Task brief = The expected response is the complete listing below, restated exactly, with its pictures omitted.

Record excerpts =
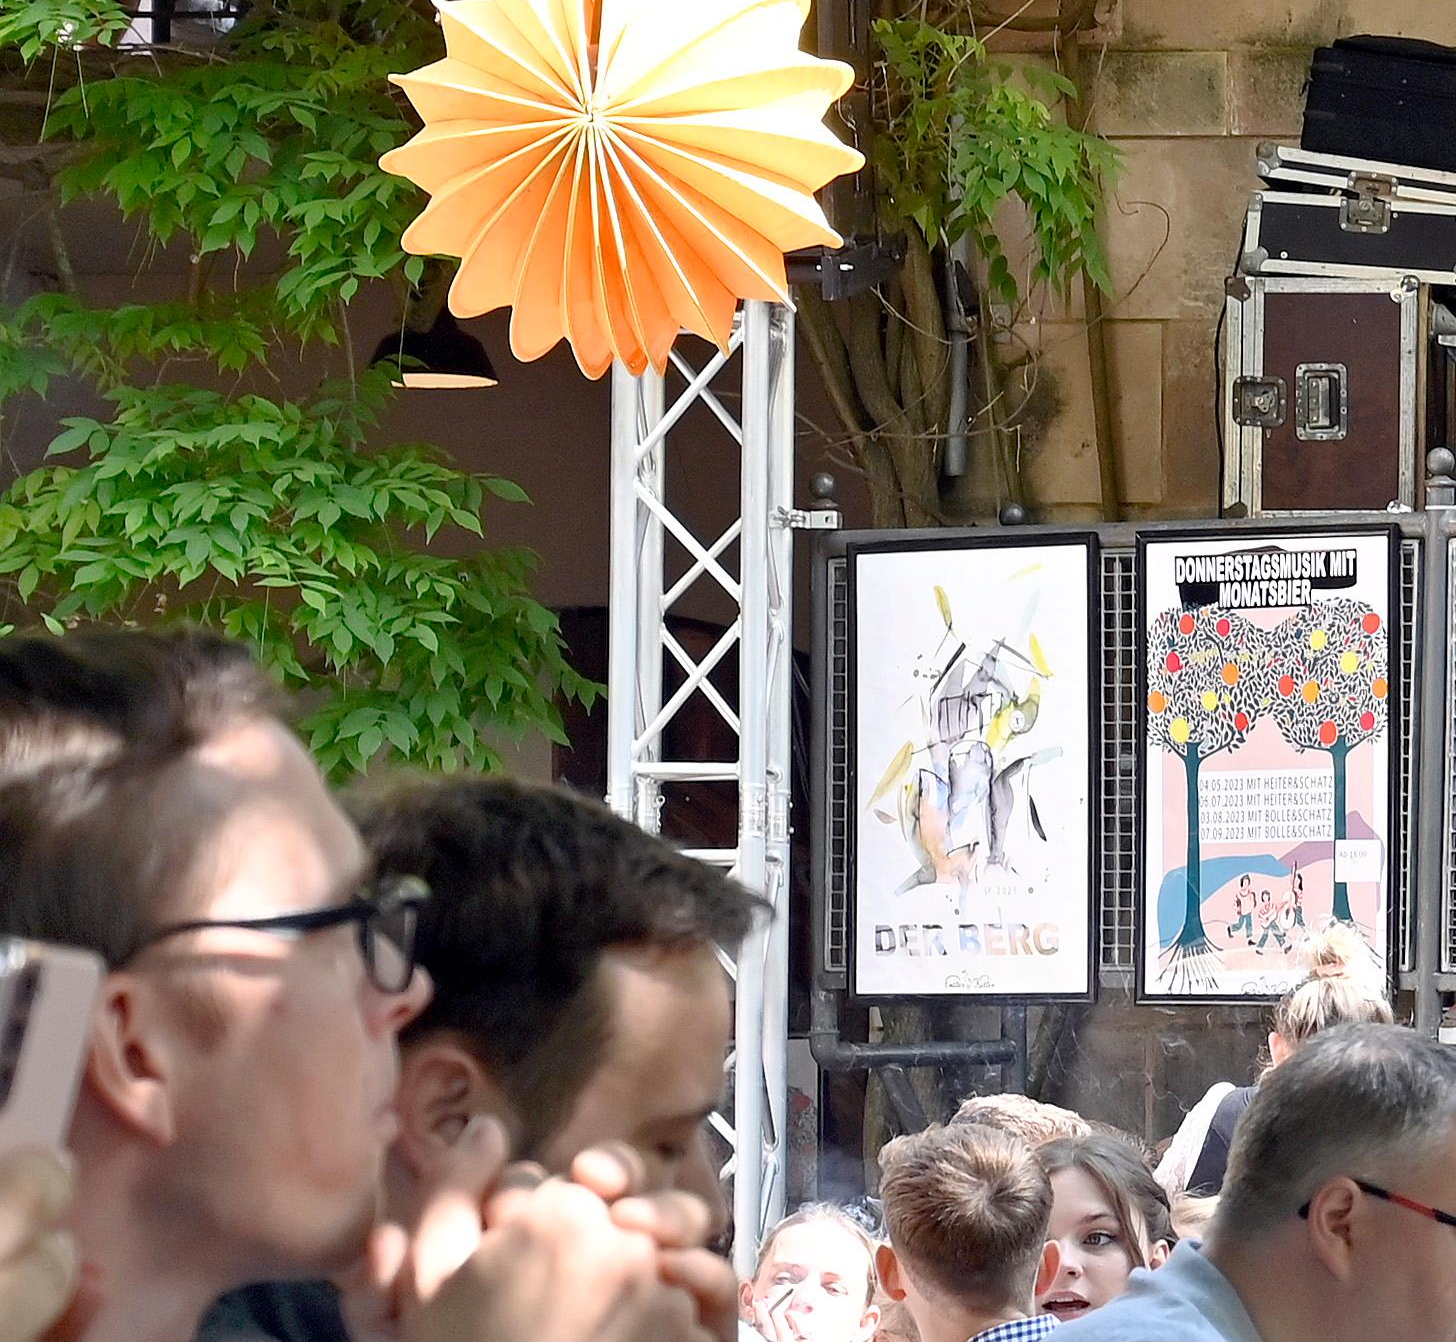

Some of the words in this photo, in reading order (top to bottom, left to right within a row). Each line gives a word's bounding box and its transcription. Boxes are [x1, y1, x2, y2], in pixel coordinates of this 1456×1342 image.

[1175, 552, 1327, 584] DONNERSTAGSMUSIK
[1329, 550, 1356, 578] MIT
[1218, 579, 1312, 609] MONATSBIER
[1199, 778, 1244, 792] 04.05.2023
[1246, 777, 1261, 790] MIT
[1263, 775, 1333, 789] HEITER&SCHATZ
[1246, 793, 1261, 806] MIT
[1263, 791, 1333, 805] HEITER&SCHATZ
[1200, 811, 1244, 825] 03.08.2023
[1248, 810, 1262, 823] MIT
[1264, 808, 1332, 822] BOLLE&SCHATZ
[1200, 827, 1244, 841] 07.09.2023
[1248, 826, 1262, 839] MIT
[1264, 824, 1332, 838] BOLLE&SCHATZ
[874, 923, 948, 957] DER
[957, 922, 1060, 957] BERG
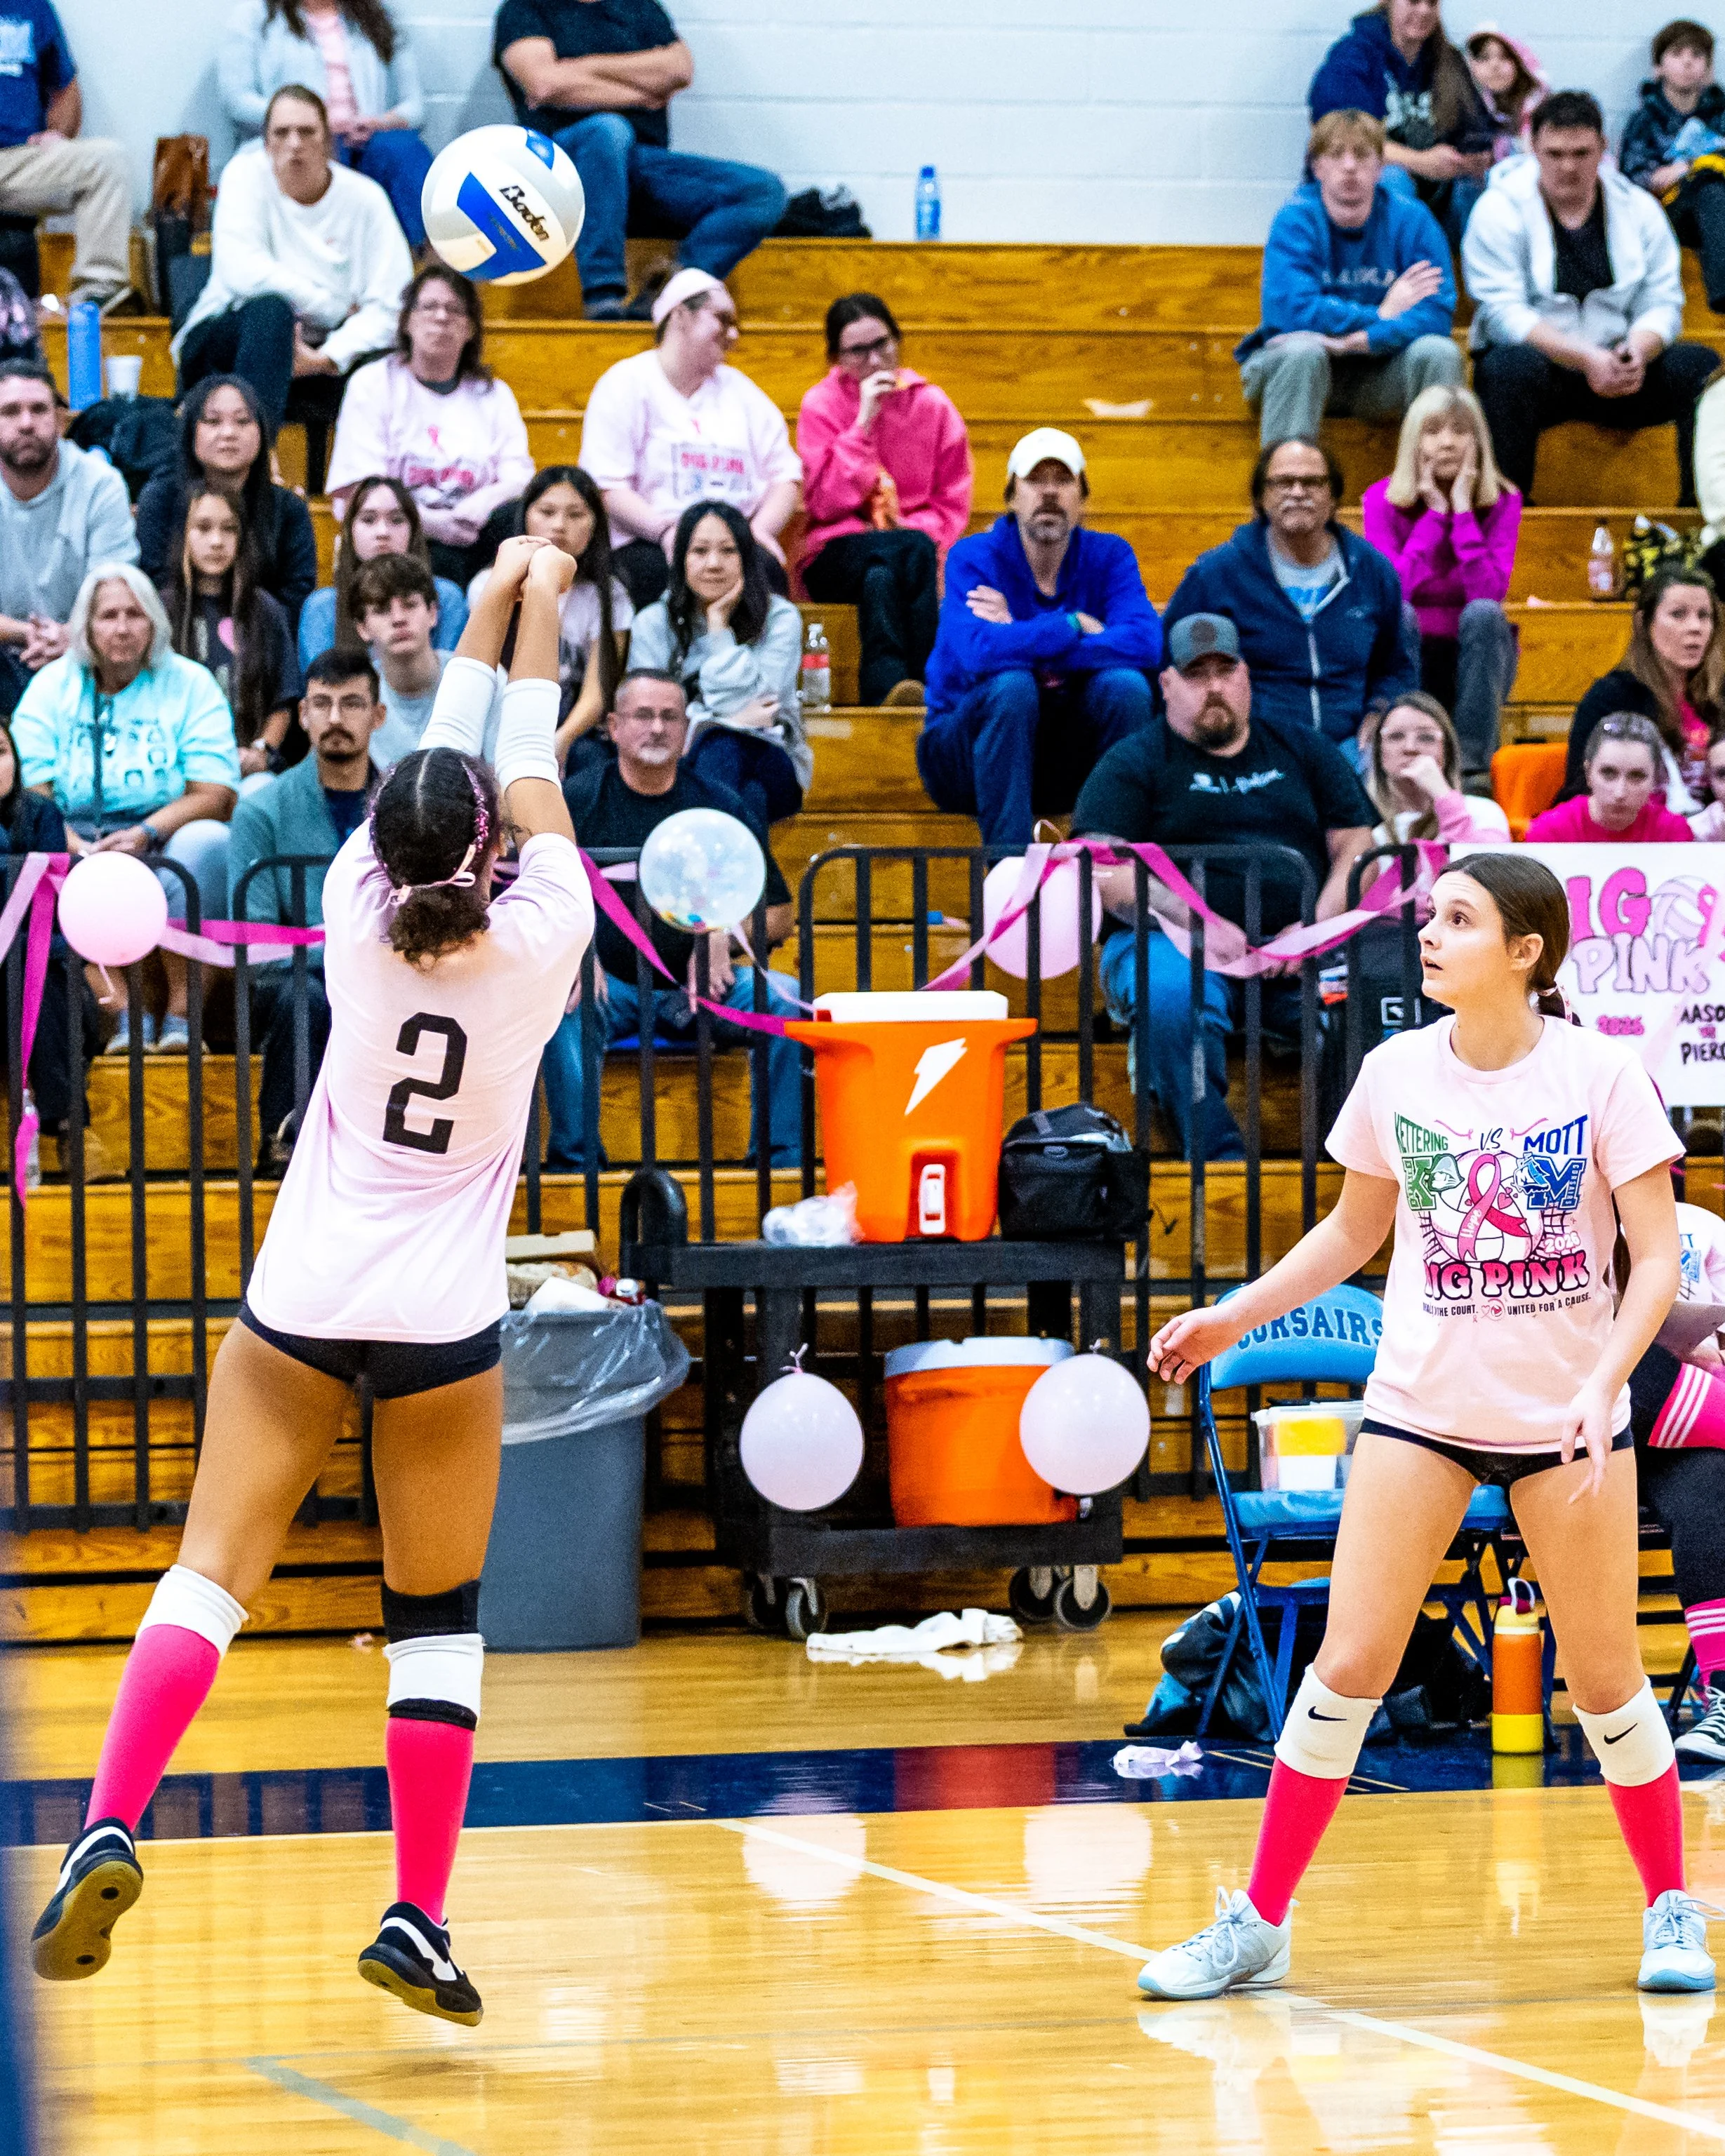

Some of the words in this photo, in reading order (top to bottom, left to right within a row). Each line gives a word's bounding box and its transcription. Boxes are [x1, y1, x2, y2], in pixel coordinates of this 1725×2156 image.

Solution =
Some of the words in this photo, in reading order (top to bottom, left to right within a row). Each line gives a word's bounding box and its transcription. Boxes are [x1, y1, x2, y2], in pixel coordinates of this 1456×1342 image.

[1175, 552, 1327, 584] DONNERSTAGSMUSIK
[1329, 550, 1356, 578] MIT
[1218, 579, 1312, 609] MONATSBIER
[1199, 778, 1244, 792] 04.05.2023
[1246, 777, 1261, 790] MIT
[1263, 775, 1333, 789] HEITER&SCHATZ
[1246, 793, 1261, 806] MIT
[1263, 791, 1333, 805] HEITER&SCHATZ
[1200, 811, 1244, 825] 03.08.2023
[1248, 810, 1262, 823] MIT
[1264, 808, 1332, 822] BOLLE&SCHATZ
[1200, 827, 1244, 841] 07.09.2023
[1248, 826, 1262, 839] MIT
[1264, 824, 1332, 838] BOLLE&SCHATZ
[874, 923, 948, 957] DER
[957, 922, 1060, 957] BERG

Some of the words in this photo, in reading order (top to bottom, left to right within a row). Each line gives a word's bounding box and its transcription. Boxes are [x1, y1, x2, y2], in pixel coordinates of this 1725×2156 image.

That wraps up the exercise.